In 1975, Milstein presented his work on hybridoma technology at an internal meeting of the MRC, UK, the laboratory where this discovery was made. Tony Vickers, a scientist by training, was working as an official in the Administration Department of MRC[47]. Realizing the immense commercial value of the discovery, he alerted the National Research Development Corporation (NRDC), the body responsible for patenting MRC inventions. To the great disappointment and surprise of the MRC administration, the reply from NRDC (dated 7th October 1976 later tracked down, the details of which can be accessed[47]; the subject heading of the NRDC reply letter was ‘Continuous Culture of Fused Cells’) was rather disheartening. It read and we quote[47] ‘It is certainly difficult for us to identify any immediate practical application which could be pursued as a commercial venture,……and it is not immediately obvious what patentable features are at present in the Nature paper’. In hindsight, this misjudgement about hybridoma technology might have caused a loss of billions of dollars to British economy!

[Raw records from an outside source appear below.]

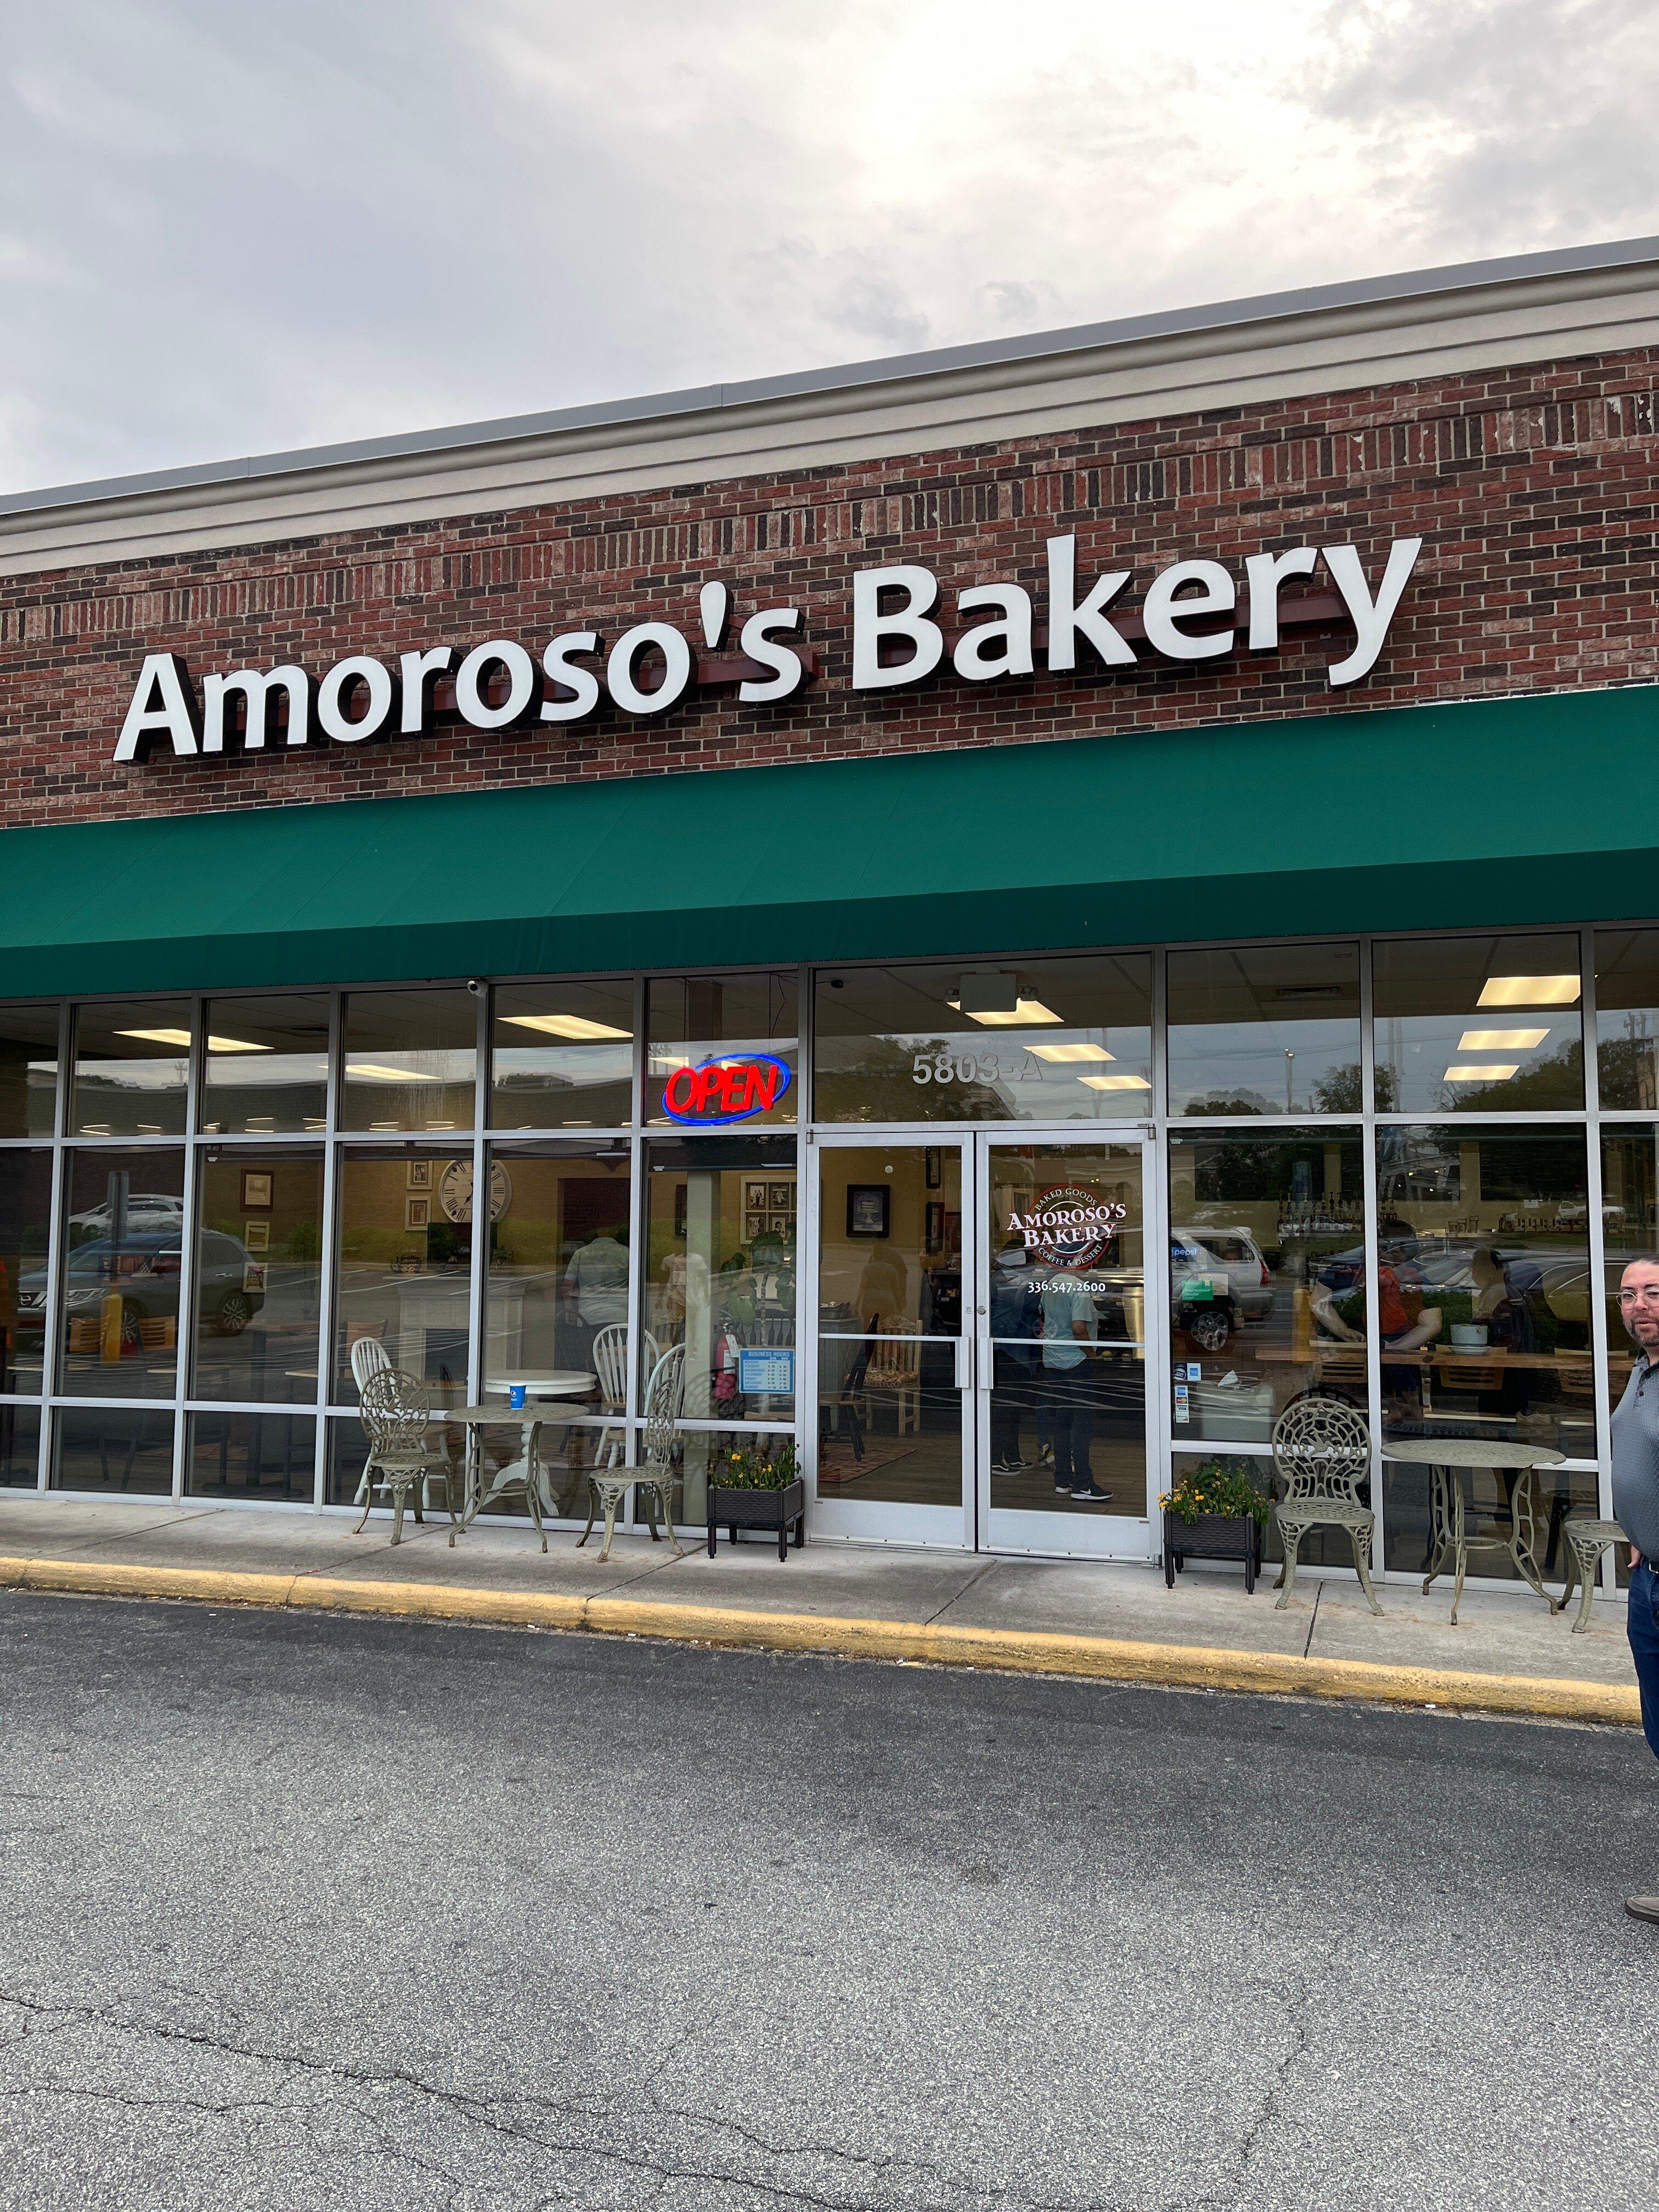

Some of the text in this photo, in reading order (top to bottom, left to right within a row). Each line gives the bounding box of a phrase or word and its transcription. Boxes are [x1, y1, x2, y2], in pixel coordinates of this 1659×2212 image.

[113, 533, 1422, 761] Amoroso's Bakery
[912, 1051, 1042, 1084] 5803-A
[665, 1064, 778, 1112] OPEN
[1034, 1188, 1097, 1211] BAKED GOODS
[1007, 1203, 1126, 1231] AMOROSO'S
[1022, 1223, 1116, 1247] BAKERY
[1039, 1247, 1064, 1266] COFFEE
[1075, 1244, 1103, 1266] DESSERT
[1028, 1280, 1106, 1293] 336.547.2600

In those early days, investigators took ethics in science extremely seriously and any thoughts about the commercial exploitation of a discovery would have been considered ‘sinful’. Indeed, there was free exchange of thoughts/ideas and research methods among scientists across the world with little worry about intellectual property or methodological copyrights. In such a scientific atmosphere of free exchange of ideas and material, Milstein in September 1976 received a request from Hilary Koprowski, a scientist working at the Wistar Institute, Philadelphia (founded in 1892 and now a NCI-designated Cancer Centre affiliated to NYU since 1972), for parting with some of his hybridoma cell lines. In the spirit of ‘free exchange in science’, Milstein immediately dispatched a hybridoma cell line to Koprowski; and the rest, as they say, is history[47]. Koprowski (1913-2013) was a Polish scientist who pioneered the development of oral polio and modern rabies vaccines. In the history of the discovery of mAbs, it is mentioned that Hilary Koprowski, Carlo Croce and Walter Gerhard were granted two patents (October 1979 and April 1980) for making mAbs against tumours and influenza virus. This was the first time ever that the scientists were granted any patents for producing mAbs. Almost simultaneously, Koprowski also co-founded Centocor, one of the first biotechnology companies for commercial production of mAbs for diagnostics and therapeutics [‘Remicade’ (infliximab), the first biological used in the treatment of RA is a Centocor product]. It was a pity that Köhler and Milstein's contributions were not acknowledged. It may be mentioned that 1970s were the days of political and economic anxiety for Britain. The failure to patent such an important discovery raised a political storm in the country that ultimately reached the then Prime Minister Margaret Thatcher's (a chemist by training) desk. To say the least, she was furious;a great opportunity was missed by Britain[47].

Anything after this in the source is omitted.